**Task to complete:**
Each entry is to be given again precisely, and no picture may be carried over.

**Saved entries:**
________
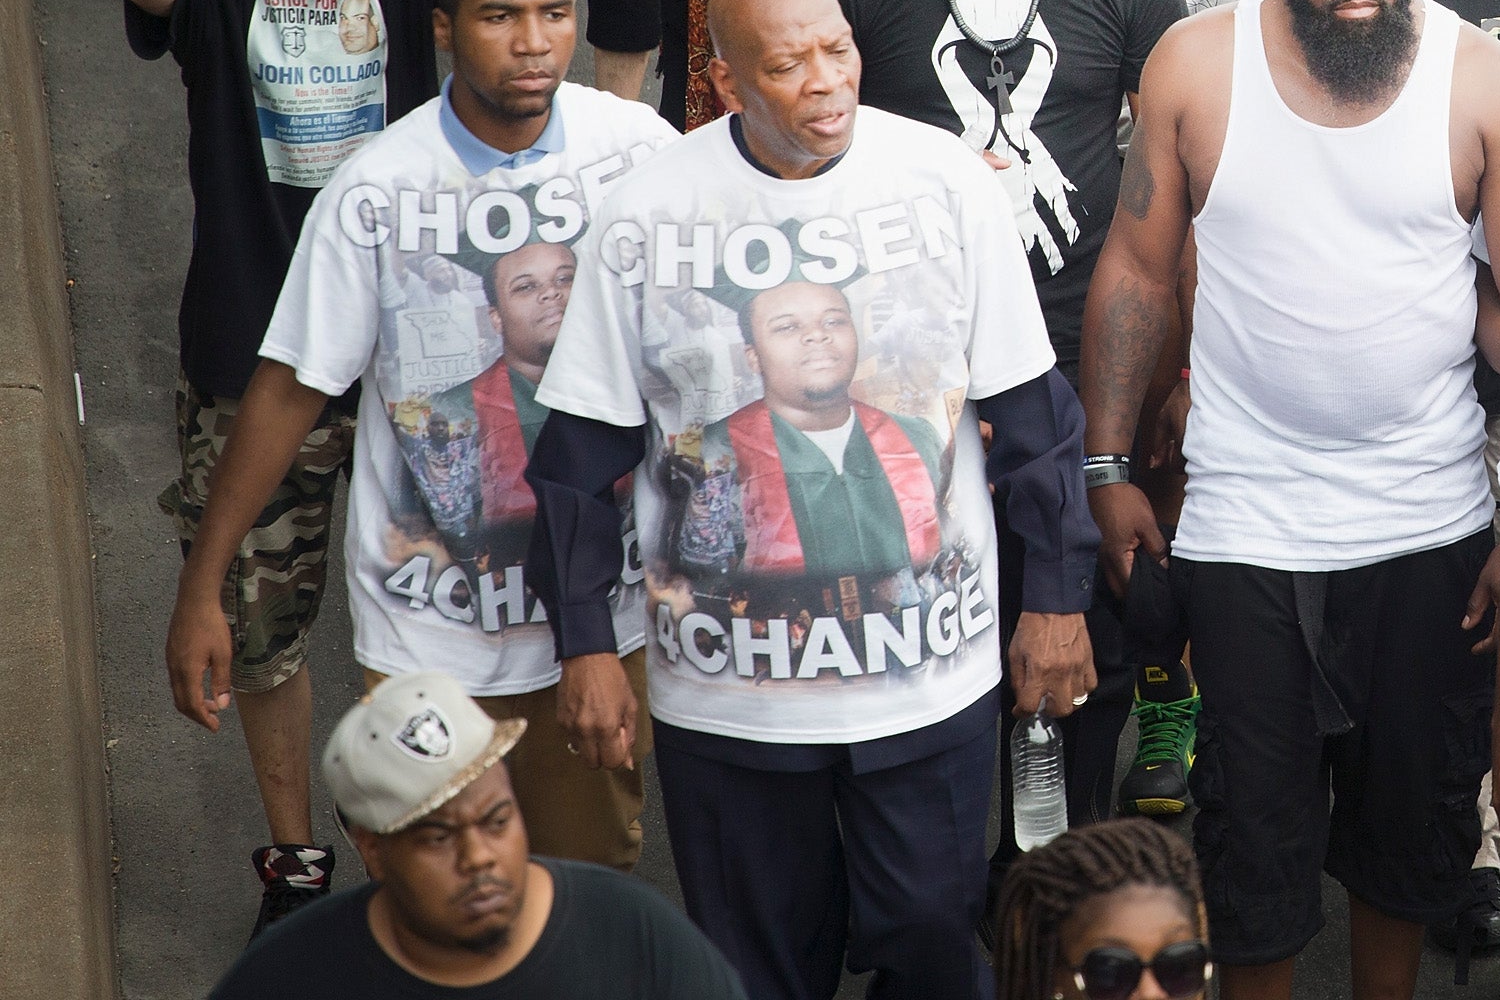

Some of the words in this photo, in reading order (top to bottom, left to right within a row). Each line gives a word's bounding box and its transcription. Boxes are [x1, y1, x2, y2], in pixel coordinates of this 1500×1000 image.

[308, 12, 338, 26] PARA
[255, 63, 303, 85] JOHN
[309, 59, 382, 85] COLLADO
[339, 142, 658, 254] CHOSE
[600, 192, 965, 290] CHOSEN
[404, 355, 480, 379] JUSTICE
[384, 555, 549, 632] 4CH
[656, 569, 995, 679] 4CHANGE
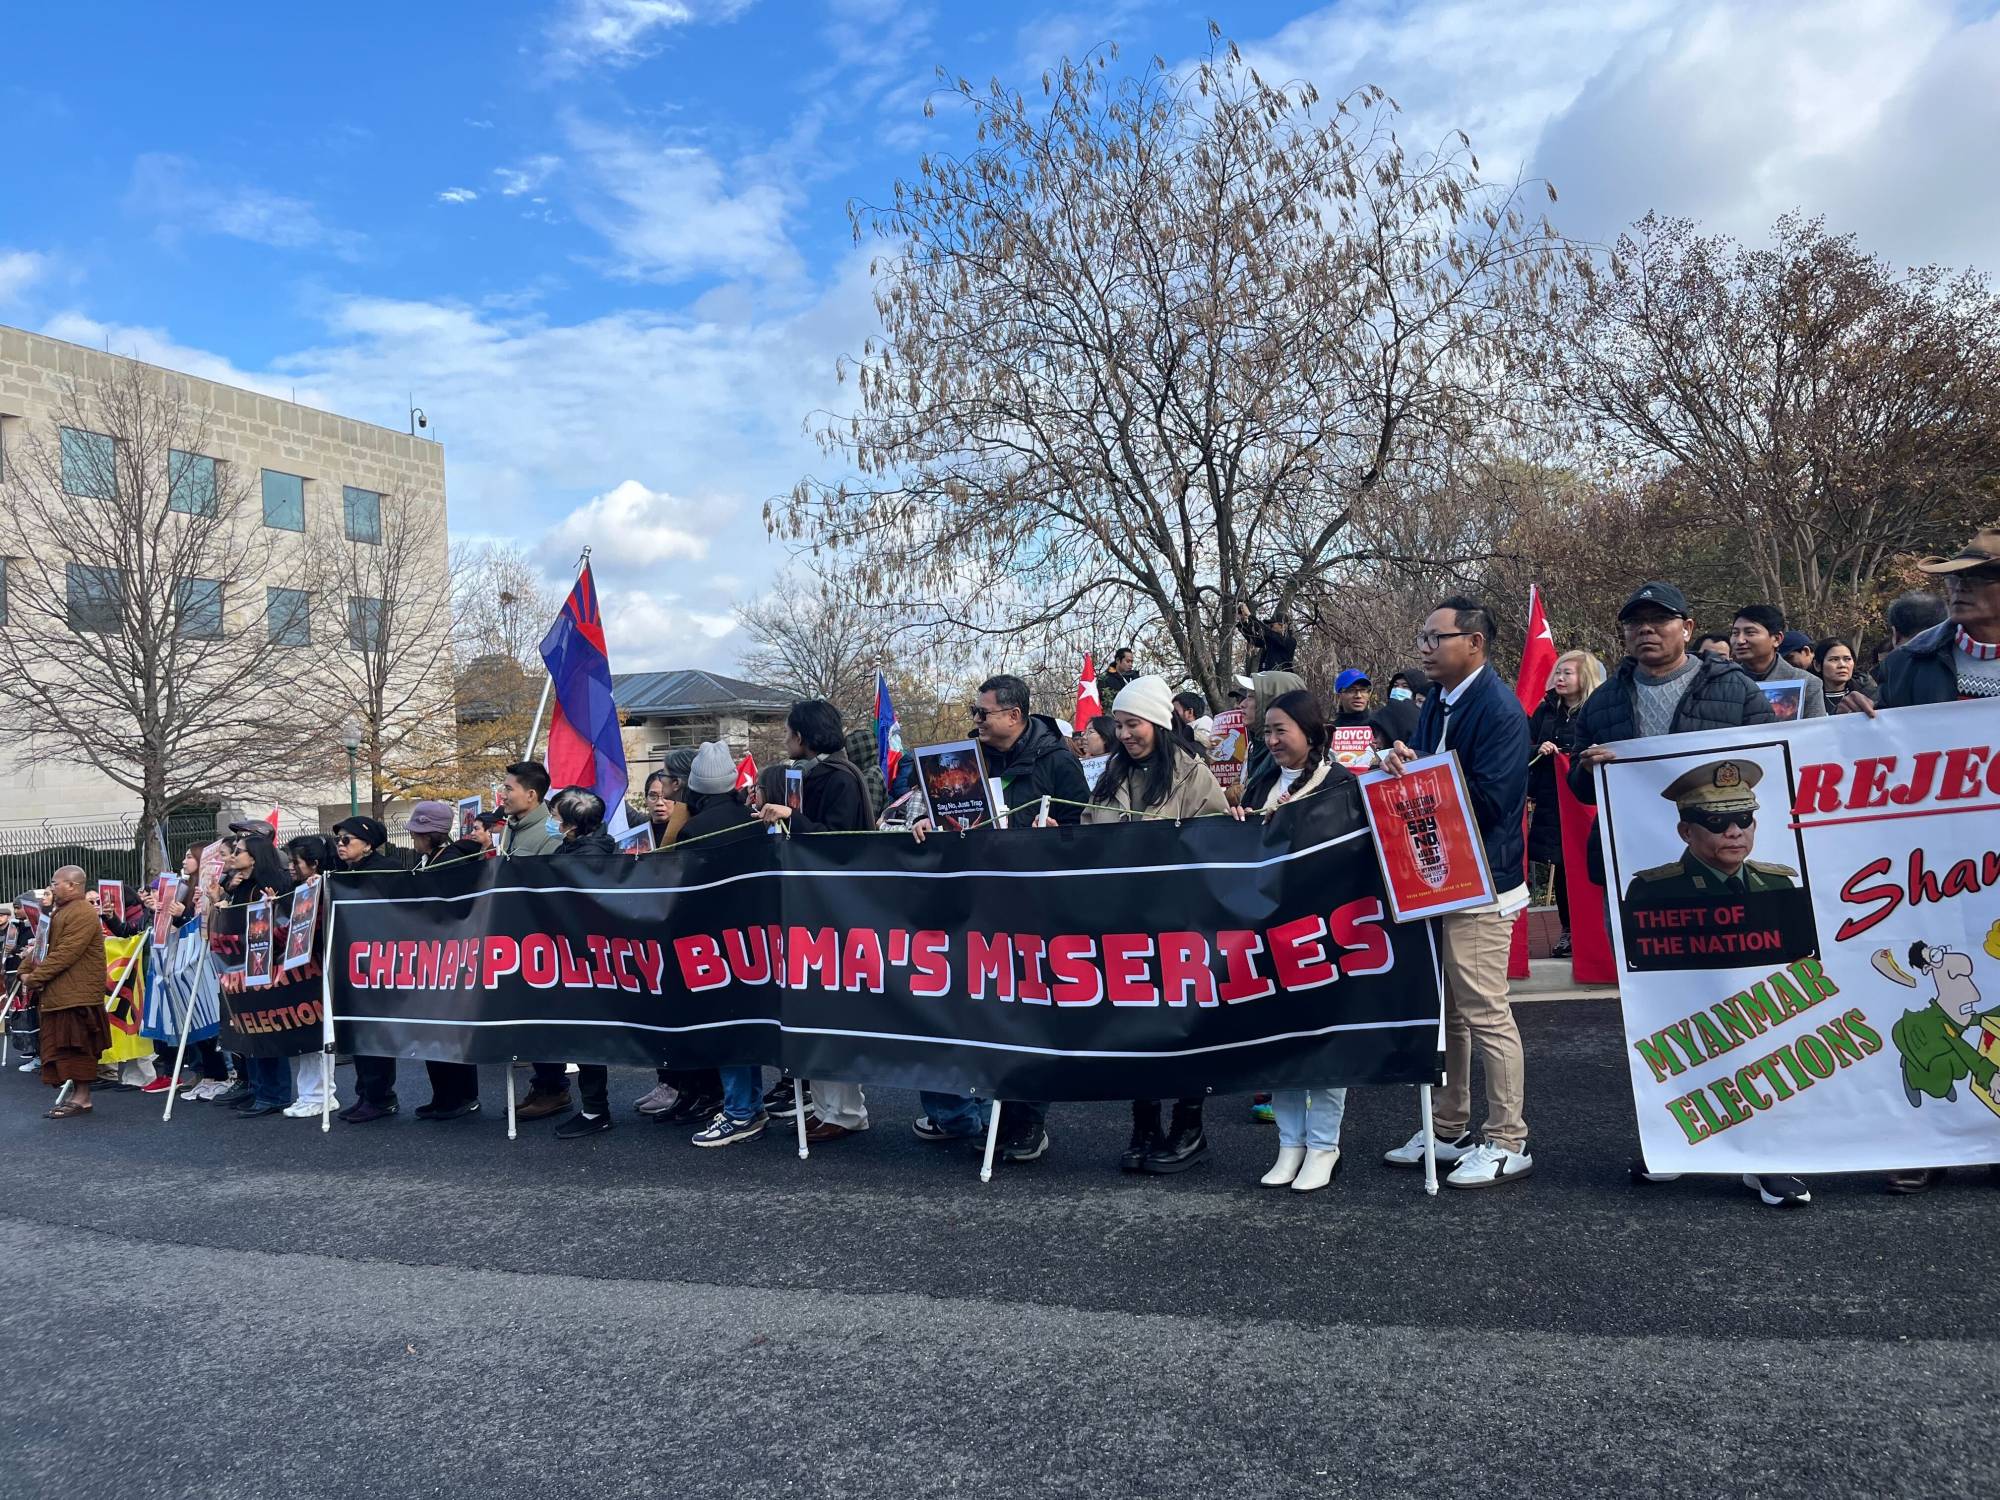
________
**Response to this exercise:**
Some of the words in this photo, in reading order (top to bottom, left to right within a row). Each line gives a word's bounding box and its transcription. Boxes are [x1, y1, x2, y2], in pixel coordinates of this 1500×1000 image.

[308, 12, 338, 26] PARA
[255, 63, 303, 85] JOHN
[309, 59, 382, 85] COLLADO
[339, 142, 658, 254] CHOSE
[600, 192, 965, 290] CHOSEN
[404, 355, 480, 379] JUSTICE
[384, 555, 549, 632] 4CH
[656, 569, 995, 679] 4CHANGE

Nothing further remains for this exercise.